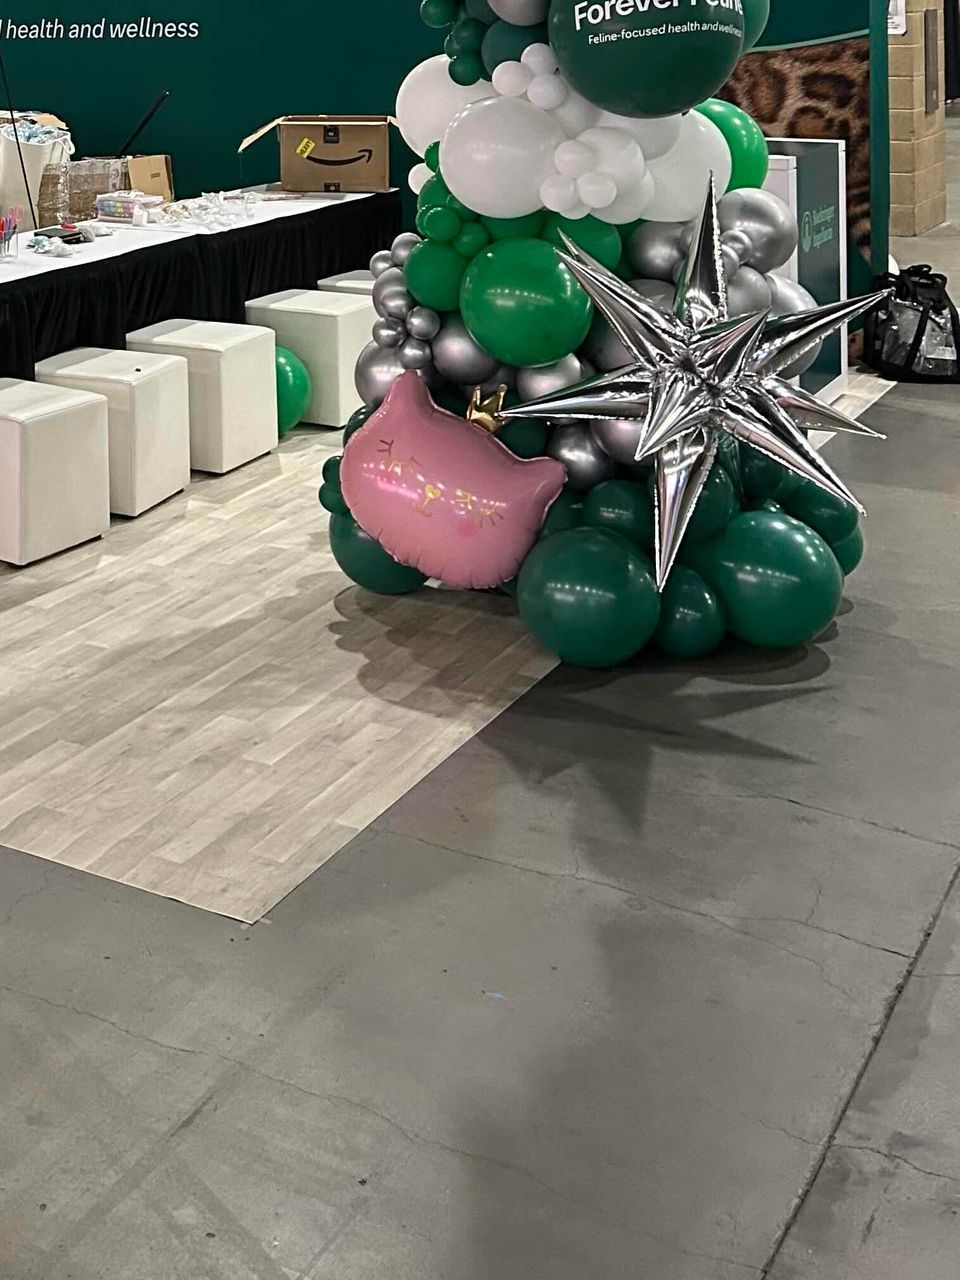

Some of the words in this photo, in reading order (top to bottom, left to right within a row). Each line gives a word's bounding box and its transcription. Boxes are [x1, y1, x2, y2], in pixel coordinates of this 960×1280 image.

[6, 18, 65, 39] health
[69, 18, 105, 38] and
[109, 17, 200, 38] wellness
[588, 25, 666, 44] Feline-focused
[667, 21, 701, 34] health
[701, 21, 718, 31] and
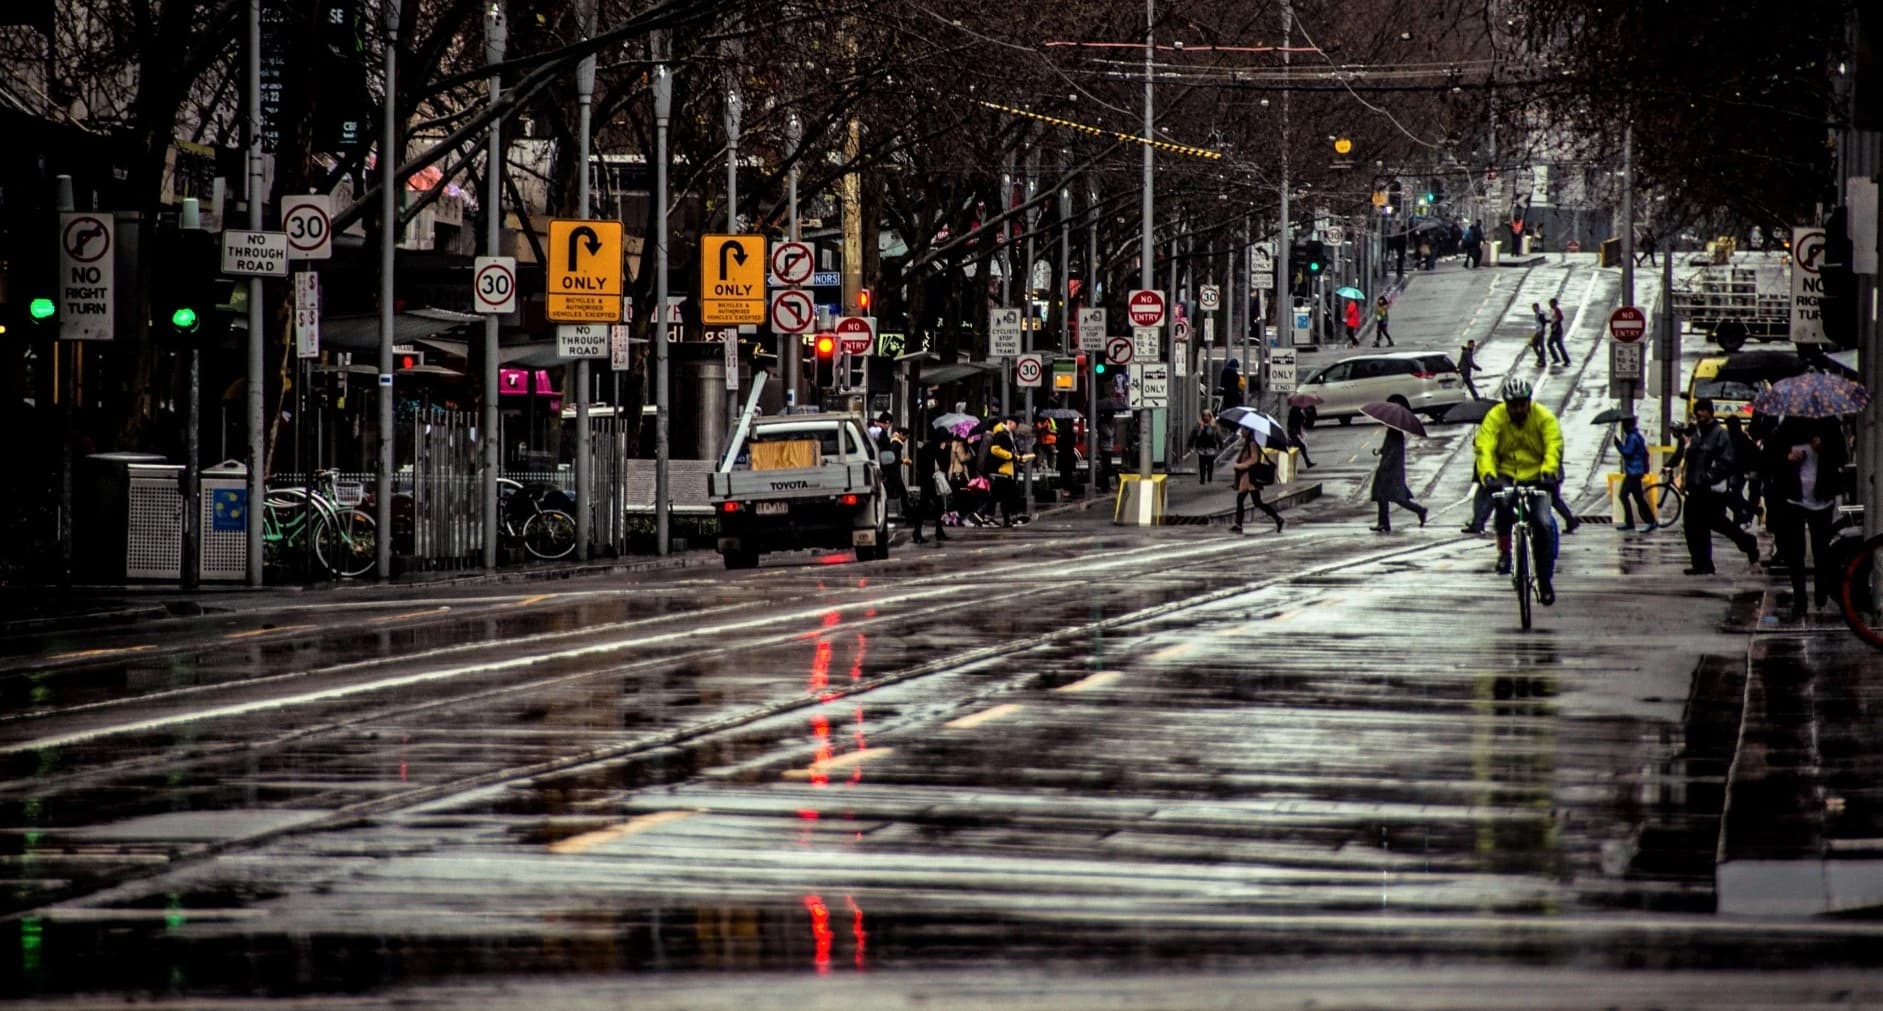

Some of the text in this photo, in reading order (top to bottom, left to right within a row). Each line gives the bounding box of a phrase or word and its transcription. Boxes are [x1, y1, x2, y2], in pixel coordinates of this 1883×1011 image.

[290, 216, 323, 239] 30
[247, 235, 266, 245] NO
[228, 246, 284, 259] THROUGH
[236, 260, 274, 272] ROAD
[72, 267, 101, 284] NO
[482, 275, 509, 295] 30
[562, 276, 607, 290] ONLY
[65, 287, 107, 299] RIGHT
[714, 284, 752, 296] ONLY
[1140, 295, 1152, 304] NO
[1204, 293, 1216, 302] 30
[1796, 295, 1818, 306] RIG
[67, 303, 106, 314] TURN
[1134, 313, 1159, 321] ENTRY
[1622, 311, 1634, 320] NO
[1798, 309, 1824, 320] TUR
[576, 326, 591, 334] NO
[1614, 328, 1640, 337] ENTRY
[561, 336, 606, 345] THROUGH
[568, 346, 599, 355] ROAD
[843, 342, 867, 350] NTRY
[1022, 365, 1038, 376] 30
[1271, 370, 1293, 379] ONLY
[1145, 385, 1165, 393] ONLY
[770, 481, 808, 490] TOYOTA
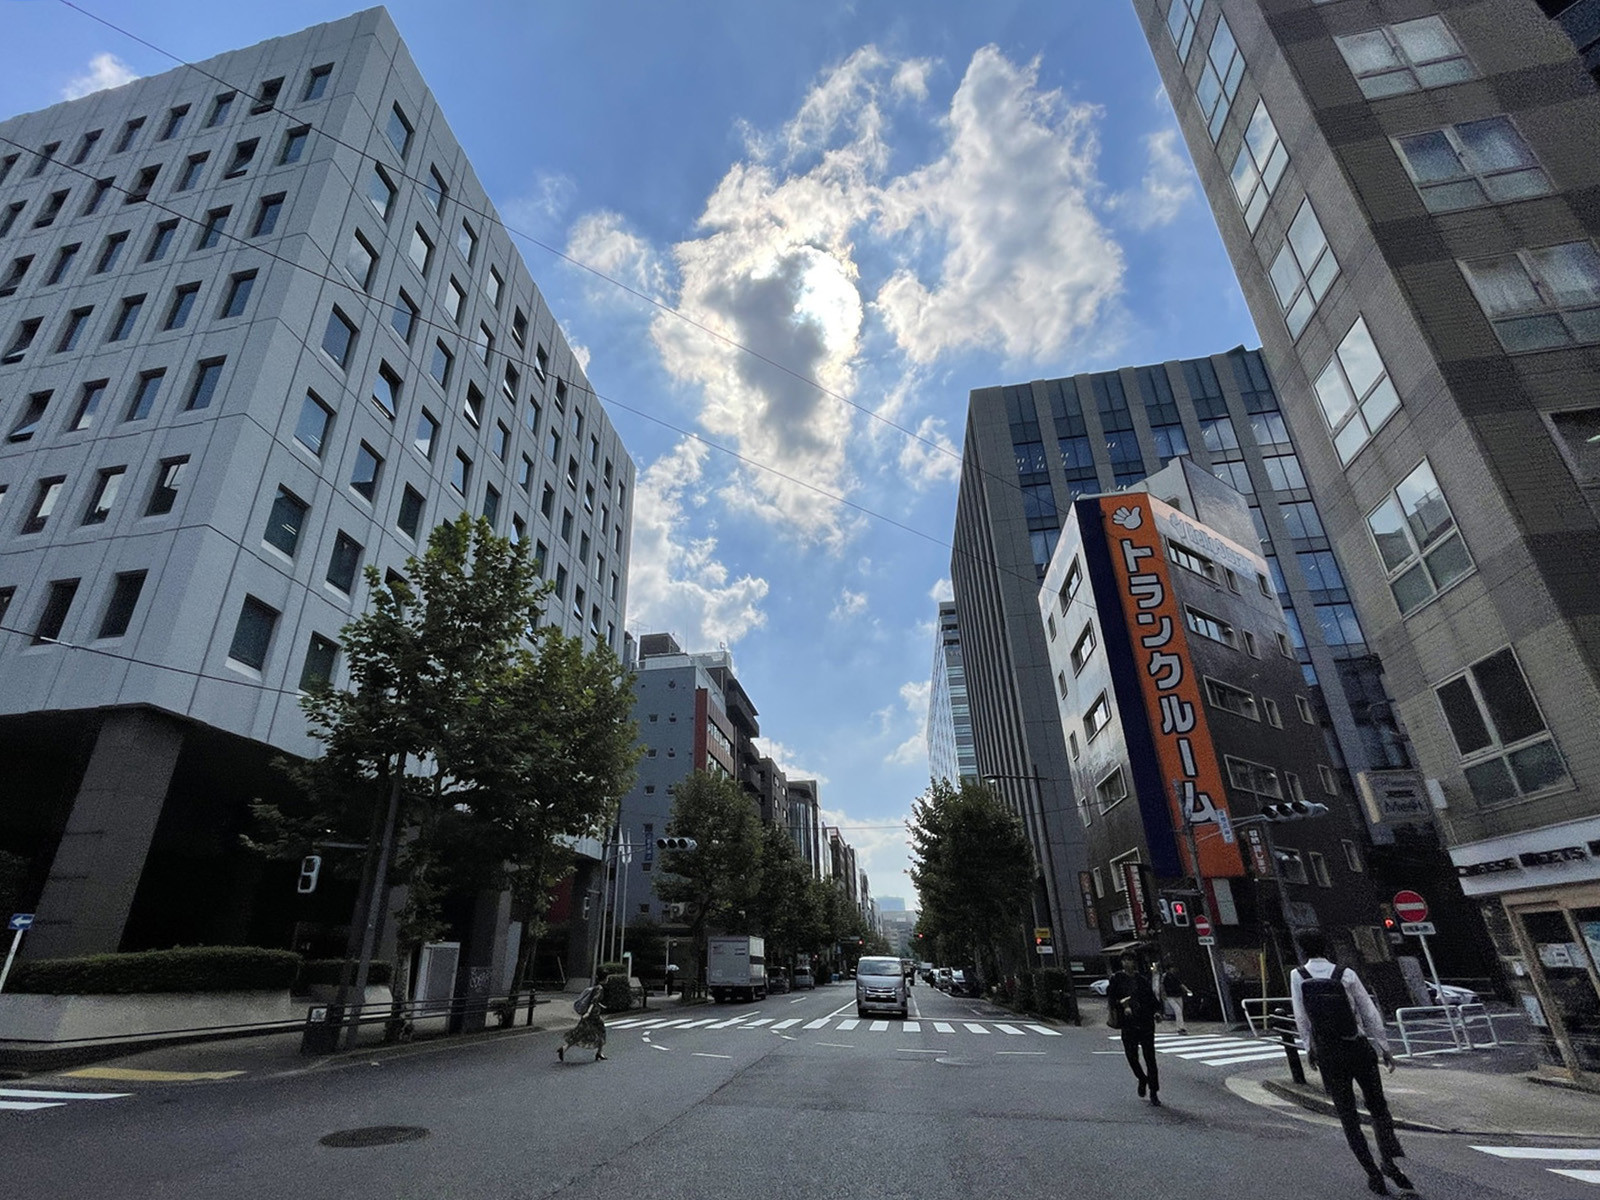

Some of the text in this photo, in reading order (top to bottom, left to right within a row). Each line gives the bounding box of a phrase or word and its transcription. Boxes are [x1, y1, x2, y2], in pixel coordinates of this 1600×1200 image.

[1121, 539, 1219, 823] トランクルーム

__Goal of the exercise__
Without including any picture, restate every entry above exactly.

__Response below__
Some of the words in this photo, in reading order (top to bottom, left to right within a row). Each line gives a word's bounding box and its transcription. Boxes are [x1, y1, x2, y2], in pixel coordinates of this 960×1280 image.

[6, 18, 65, 39] health
[69, 18, 105, 38] and
[109, 17, 200, 38] wellness
[588, 25, 666, 44] Feline-focused
[667, 21, 701, 34] health
[701, 21, 718, 31] and

Some of the text in this photo, in reading order (top to bottom, left to right within a row). Each line gives the bounding box of a phrase or word and its transcription. Boxes are [x1, y1, x2, y2], in pixel coordinates of this 1883×1011 image.

[290, 216, 323, 239] 30
[247, 235, 266, 245] NO
[228, 246, 284, 259] THROUGH
[236, 260, 274, 272] ROAD
[72, 267, 101, 284] NO
[482, 275, 509, 295] 30
[562, 276, 607, 290] ONLY
[65, 287, 107, 299] RIGHT
[714, 284, 752, 296] ONLY
[1140, 295, 1152, 304] NO
[1204, 293, 1216, 302] 30
[1796, 295, 1818, 306] RIG
[67, 303, 106, 314] TURN
[1134, 313, 1159, 321] ENTRY
[1622, 311, 1634, 320] NO
[1798, 309, 1824, 320] TUR
[576, 326, 591, 334] NO
[1614, 328, 1640, 337] ENTRY
[561, 336, 606, 345] THROUGH
[568, 346, 599, 355] ROAD
[843, 342, 867, 350] NTRY
[1022, 365, 1038, 376] 30
[1271, 370, 1293, 379] ONLY
[1145, 385, 1165, 393] ONLY
[770, 481, 808, 490] TOYOTA

Some of the text in this photo, in reading order (top to bottom, left to right within a row). Each line gives the bounding box of a phrase or word and its transcription. Boxes are [x1, y1, x2, y2], in pixel coordinates of this 1600×1200 image.

[1121, 539, 1219, 823] トランクルーム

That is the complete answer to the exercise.